Exercise material –
┄┄┄┄┄┄

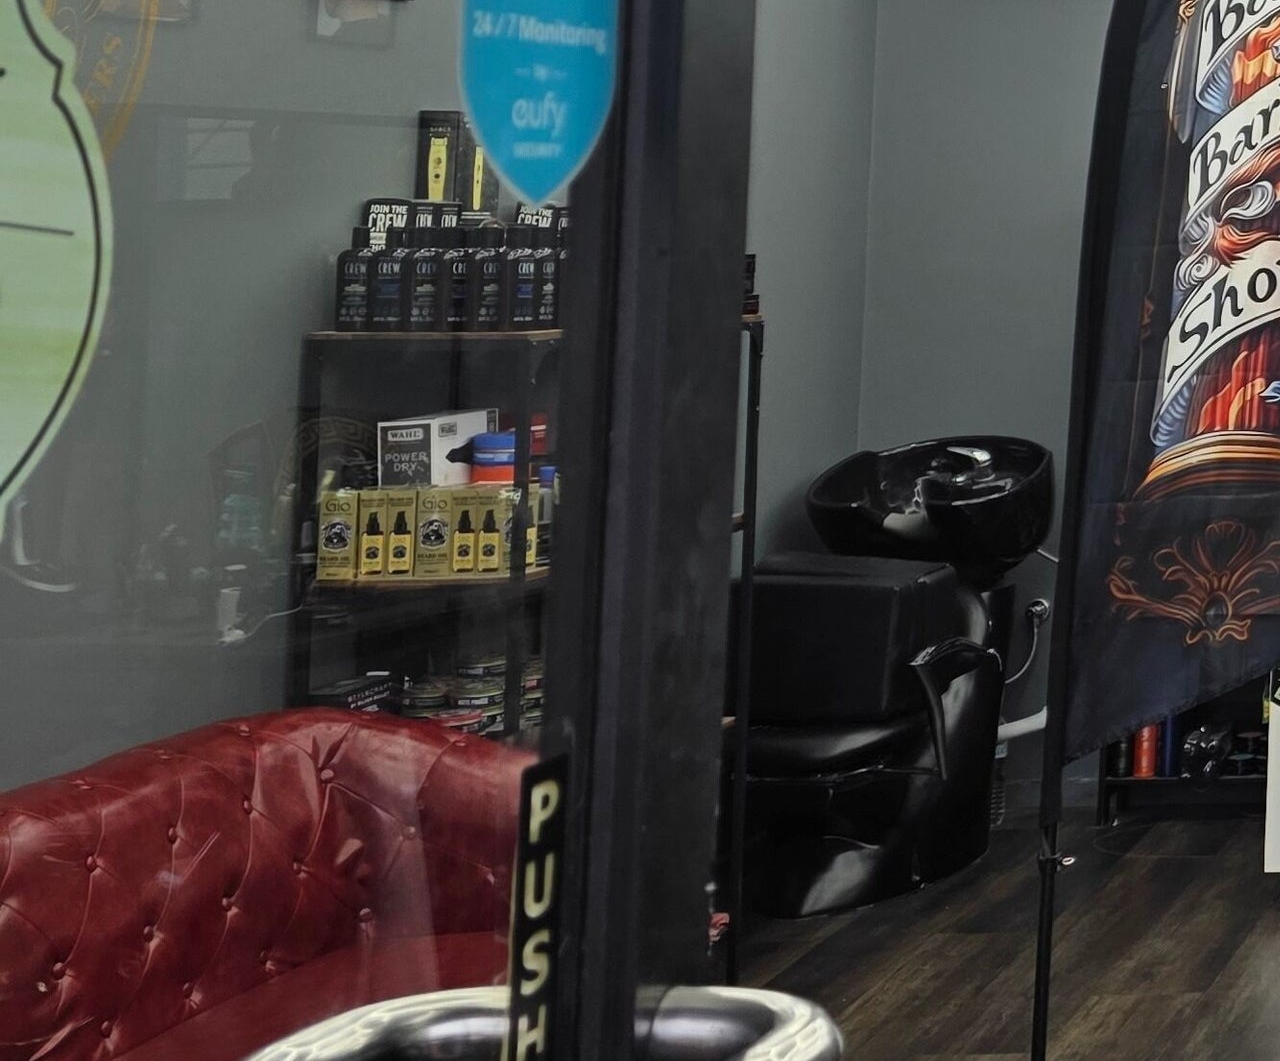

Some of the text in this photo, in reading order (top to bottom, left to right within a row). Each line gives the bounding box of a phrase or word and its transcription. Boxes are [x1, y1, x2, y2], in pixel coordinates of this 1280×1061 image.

[518, 15, 606, 56] Monitoring
[511, 91, 568, 138] eufy
[369, 204, 409, 214] JOIN THE
[368, 213, 408, 232] CREW
[344, 262, 367, 275] CREW
[377, 262, 401, 275] CREW
[389, 429, 421, 439] WAHL
[384, 451, 429, 464] POWER
[393, 462, 418, 472] DRY
[516, 780, 560, 1061] PUSH

┄┄┄┄┄┄

Task statement –
Write out the data above in full and exactly, but not the pictures.

Reply to the task –
Some of the text in this photo, in reading order (top to bottom, left to right within a row). Each line gives the bounding box of a phrase or word and its transcription. Boxes are [x1, y1, x2, y2], in pixel coordinates of this 1280×1061 image.

[518, 15, 606, 56] Monitoring
[511, 91, 568, 138] eufy
[369, 204, 409, 214] JOIN THE
[368, 213, 408, 232] CREW
[344, 262, 367, 275] CREW
[377, 262, 401, 275] CREW
[389, 429, 421, 439] WAHL
[384, 451, 429, 464] POWER
[393, 462, 418, 472] DRY
[516, 780, 560, 1061] PUSH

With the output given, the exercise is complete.